* [What you are asked to do] In the records below, the line containing "this 2047×1226 image." is the first to keep. Retype it and all later lines exactly, through the end.

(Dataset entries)
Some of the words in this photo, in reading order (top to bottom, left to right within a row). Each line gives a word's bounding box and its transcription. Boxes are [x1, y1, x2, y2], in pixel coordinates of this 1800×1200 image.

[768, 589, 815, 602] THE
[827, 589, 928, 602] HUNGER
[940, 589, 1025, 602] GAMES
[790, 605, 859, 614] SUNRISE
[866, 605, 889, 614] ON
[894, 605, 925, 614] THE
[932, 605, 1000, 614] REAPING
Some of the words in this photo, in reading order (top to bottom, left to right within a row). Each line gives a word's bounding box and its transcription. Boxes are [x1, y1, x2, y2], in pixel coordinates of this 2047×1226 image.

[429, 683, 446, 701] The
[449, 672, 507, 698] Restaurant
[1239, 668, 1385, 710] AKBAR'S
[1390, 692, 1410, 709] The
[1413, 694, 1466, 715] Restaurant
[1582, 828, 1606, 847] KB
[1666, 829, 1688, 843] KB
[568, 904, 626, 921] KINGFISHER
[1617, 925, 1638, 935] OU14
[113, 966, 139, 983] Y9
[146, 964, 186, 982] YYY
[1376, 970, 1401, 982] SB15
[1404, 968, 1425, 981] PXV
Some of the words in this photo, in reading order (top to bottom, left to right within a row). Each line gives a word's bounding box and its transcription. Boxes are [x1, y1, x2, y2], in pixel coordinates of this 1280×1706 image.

* [Task response]
Some of the words in this photo, in reading order (top to bottom, left to right within a row). Each line gives a word's bounding box and its transcription. Boxes are [x1, y1, x2, y2], in pixel coordinates of this 2047×1226 image.

[429, 683, 446, 701] The
[449, 672, 507, 698] Restaurant
[1239, 668, 1385, 710] AKBAR'S
[1390, 692, 1410, 709] The
[1413, 694, 1466, 715] Restaurant
[1582, 828, 1606, 847] KB
[1666, 829, 1688, 843] KB
[568, 904, 626, 921] KINGFISHER
[1617, 925, 1638, 935] OU14
[113, 966, 139, 983] Y9
[146, 964, 186, 982] YYY
[1376, 970, 1401, 982] SB15
[1404, 968, 1425, 981] PXV
Some of the words in this photo, in reading order (top to bottom, left to right within a row). Each line gives a word's bounding box and its transcription. Boxes are [x1, y1, x2, y2], in pixel coordinates of this 1280×1706 image.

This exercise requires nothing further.